● EXERCISE BRIEF: A verbatim repeat of the records beneath this line is needed.
-.-.-
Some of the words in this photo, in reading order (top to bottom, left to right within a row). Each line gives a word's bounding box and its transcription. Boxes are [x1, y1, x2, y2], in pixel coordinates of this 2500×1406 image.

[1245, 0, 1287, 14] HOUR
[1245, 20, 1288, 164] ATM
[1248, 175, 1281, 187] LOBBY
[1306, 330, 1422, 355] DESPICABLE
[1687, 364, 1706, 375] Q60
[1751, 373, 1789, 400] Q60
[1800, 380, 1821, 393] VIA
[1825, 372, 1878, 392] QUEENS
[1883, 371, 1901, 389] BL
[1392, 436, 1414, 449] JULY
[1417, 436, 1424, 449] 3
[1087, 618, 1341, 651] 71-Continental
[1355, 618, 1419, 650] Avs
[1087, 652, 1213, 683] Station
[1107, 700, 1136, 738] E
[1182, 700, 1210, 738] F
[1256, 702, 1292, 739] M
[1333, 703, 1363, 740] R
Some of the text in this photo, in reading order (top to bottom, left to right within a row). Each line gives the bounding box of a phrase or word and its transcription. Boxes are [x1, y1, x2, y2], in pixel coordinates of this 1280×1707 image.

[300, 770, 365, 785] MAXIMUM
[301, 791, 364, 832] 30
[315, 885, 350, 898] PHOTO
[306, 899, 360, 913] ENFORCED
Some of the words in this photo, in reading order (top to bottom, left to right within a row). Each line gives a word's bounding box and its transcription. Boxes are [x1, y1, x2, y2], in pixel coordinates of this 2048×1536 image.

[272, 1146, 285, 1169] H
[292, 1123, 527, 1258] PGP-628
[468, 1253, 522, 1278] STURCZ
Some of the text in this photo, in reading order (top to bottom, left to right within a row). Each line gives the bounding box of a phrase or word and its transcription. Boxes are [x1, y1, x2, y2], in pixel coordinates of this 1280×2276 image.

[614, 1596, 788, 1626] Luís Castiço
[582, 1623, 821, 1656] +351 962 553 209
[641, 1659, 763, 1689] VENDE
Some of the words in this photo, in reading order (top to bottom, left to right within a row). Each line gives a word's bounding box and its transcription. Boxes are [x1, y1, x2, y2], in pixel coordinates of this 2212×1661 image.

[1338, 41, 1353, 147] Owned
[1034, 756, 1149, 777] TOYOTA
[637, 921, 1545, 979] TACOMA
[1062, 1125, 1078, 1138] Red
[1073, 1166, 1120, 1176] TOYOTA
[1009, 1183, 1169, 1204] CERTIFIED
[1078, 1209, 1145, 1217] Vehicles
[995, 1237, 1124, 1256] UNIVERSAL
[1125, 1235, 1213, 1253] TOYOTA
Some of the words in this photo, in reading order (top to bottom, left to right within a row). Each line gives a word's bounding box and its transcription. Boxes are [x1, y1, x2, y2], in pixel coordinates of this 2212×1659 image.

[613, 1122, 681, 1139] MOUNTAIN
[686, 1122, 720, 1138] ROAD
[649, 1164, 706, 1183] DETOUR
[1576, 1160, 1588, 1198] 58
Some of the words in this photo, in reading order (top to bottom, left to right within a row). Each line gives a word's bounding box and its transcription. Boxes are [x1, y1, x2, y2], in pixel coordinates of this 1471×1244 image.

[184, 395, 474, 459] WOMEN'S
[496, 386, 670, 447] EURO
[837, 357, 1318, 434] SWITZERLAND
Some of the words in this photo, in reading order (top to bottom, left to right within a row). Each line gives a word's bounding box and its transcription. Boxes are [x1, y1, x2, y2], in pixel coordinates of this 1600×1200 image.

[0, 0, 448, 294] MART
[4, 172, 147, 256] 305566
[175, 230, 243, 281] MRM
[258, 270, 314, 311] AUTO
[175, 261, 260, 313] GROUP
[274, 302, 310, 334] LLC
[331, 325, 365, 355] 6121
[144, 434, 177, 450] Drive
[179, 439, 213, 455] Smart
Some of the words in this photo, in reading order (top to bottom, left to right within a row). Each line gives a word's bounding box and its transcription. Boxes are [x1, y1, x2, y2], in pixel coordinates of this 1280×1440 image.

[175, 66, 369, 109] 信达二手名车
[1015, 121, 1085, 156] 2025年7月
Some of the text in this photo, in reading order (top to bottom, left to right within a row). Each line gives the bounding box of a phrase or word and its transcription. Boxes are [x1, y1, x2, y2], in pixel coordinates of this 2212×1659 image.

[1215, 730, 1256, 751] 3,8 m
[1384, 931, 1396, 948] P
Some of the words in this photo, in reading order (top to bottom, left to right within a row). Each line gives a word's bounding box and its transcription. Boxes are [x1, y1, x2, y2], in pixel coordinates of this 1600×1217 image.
-.-.-
● ANSWER TO THIS PROBLEM:
Some of the words in this photo, in reading order (top to bottom, left to right within a row). Each line gives a word's bounding box and its transcription. Boxes are [x1, y1, x2, y2], in pixel coordinates of this 2500×1406 image.

[1245, 0, 1287, 14] HOUR
[1245, 20, 1288, 164] ATM
[1248, 175, 1281, 187] LOBBY
[1306, 330, 1422, 355] DESPICABLE
[1687, 364, 1706, 375] Q60
[1751, 373, 1789, 400] Q60
[1800, 380, 1821, 393] VIA
[1825, 372, 1878, 392] QUEENS
[1883, 371, 1901, 389] BL
[1392, 436, 1414, 449] JULY
[1417, 436, 1424, 449] 3
[1087, 618, 1341, 651] 71-Continental
[1355, 618, 1419, 650] Avs
[1087, 652, 1213, 683] Station
[1107, 700, 1136, 738] E
[1182, 700, 1210, 738] F
[1256, 702, 1292, 739] M
[1333, 703, 1363, 740] R
Some of the text in this photo, in reading order (top to bottom, left to right within a row). Each line gives the bounding box of a phrase or word and its transcription. Boxes are [x1, y1, x2, y2], in pixel coordinates of this 1280×1707 image.

[300, 770, 365, 785] MAXIMUM
[301, 791, 364, 832] 30
[315, 885, 350, 898] PHOTO
[306, 899, 360, 913] ENFORCED
Some of the words in this photo, in reading order (top to bottom, left to right within a row). Each line gives a word's bounding box and its transcription. Boxes are [x1, y1, x2, y2], in pixel coordinates of this 2048×1536 image.

[272, 1146, 285, 1169] H
[292, 1123, 527, 1258] PGP-628
[468, 1253, 522, 1278] STURCZ
Some of the text in this photo, in reading order (top to bottom, left to right within a row). Each line gives the bounding box of a phrase or word and its transcription. Boxes are [x1, y1, x2, y2], in pixel coordinates of this 1280×2276 image.

[614, 1596, 788, 1626] Luís Castiço
[582, 1623, 821, 1656] +351 962 553 209
[641, 1659, 763, 1689] VENDE
Some of the words in this photo, in reading order (top to bottom, left to right within a row). Each line gives a word's bounding box and its transcription. Boxes are [x1, y1, x2, y2], in pixel coordinates of this 2212×1661 image.

[1338, 41, 1353, 147] Owned
[1034, 756, 1149, 777] TOYOTA
[637, 921, 1545, 979] TACOMA
[1062, 1125, 1078, 1138] Red
[1073, 1166, 1120, 1176] TOYOTA
[1009, 1183, 1169, 1204] CERTIFIED
[1078, 1209, 1145, 1217] Vehicles
[995, 1237, 1124, 1256] UNIVERSAL
[1125, 1235, 1213, 1253] TOYOTA
Some of the words in this photo, in reading order (top to bottom, left to right within a row). Each line gives a word's bounding box and its transcription. Boxes are [x1, y1, x2, y2], in pixel coordinates of this 2212×1659 image.

[613, 1122, 681, 1139] MOUNTAIN
[686, 1122, 720, 1138] ROAD
[649, 1164, 706, 1183] DETOUR
[1576, 1160, 1588, 1198] 58
Some of the words in this photo, in reading order (top to bottom, left to right within a row). Each line gives a word's bounding box and its transcription. Boxes are [x1, y1, x2, y2], in pixel coordinates of this 1471×1244 image.

[184, 395, 474, 459] WOMEN'S
[496, 386, 670, 447] EURO
[837, 357, 1318, 434] SWITZERLAND
Some of the words in this photo, in reading order (top to bottom, left to right within a row). Each line gives a word's bounding box and its transcription. Boxes are [x1, y1, x2, y2], in pixel coordinates of this 1600×1200 image.

[0, 0, 448, 294] MART
[4, 172, 147, 256] 305566
[175, 230, 243, 281] MRM
[258, 270, 314, 311] AUTO
[175, 261, 260, 313] GROUP
[274, 302, 310, 334] LLC
[331, 325, 365, 355] 6121
[144, 434, 177, 450] Drive
[179, 439, 213, 455] Smart
Some of the words in this photo, in reading order (top to bottom, left to right within a row). Each line gives a word's bounding box and its transcription. Boxes are [x1, y1, x2, y2], in pixel coordinates of this 1280×1440 image.

[175, 66, 369, 109] 信达二手名车
[1015, 121, 1085, 156] 2025年7月
Some of the text in this photo, in reading order (top to bottom, left to right within a row). Each line gives the bounding box of a phrase or word and its transcription. Boxes are [x1, y1, x2, y2], in pixel coordinates of this 2212×1659 image.

[1215, 730, 1256, 751] 3,8 m
[1384, 931, 1396, 948] P
Some of the words in this photo, in reading order (top to bottom, left to right within a row). Each line gives a word's bounding box and its transcription. Boxes are [x1, y1, x2, y2], in pixel coordinates of this 1600×1217 image.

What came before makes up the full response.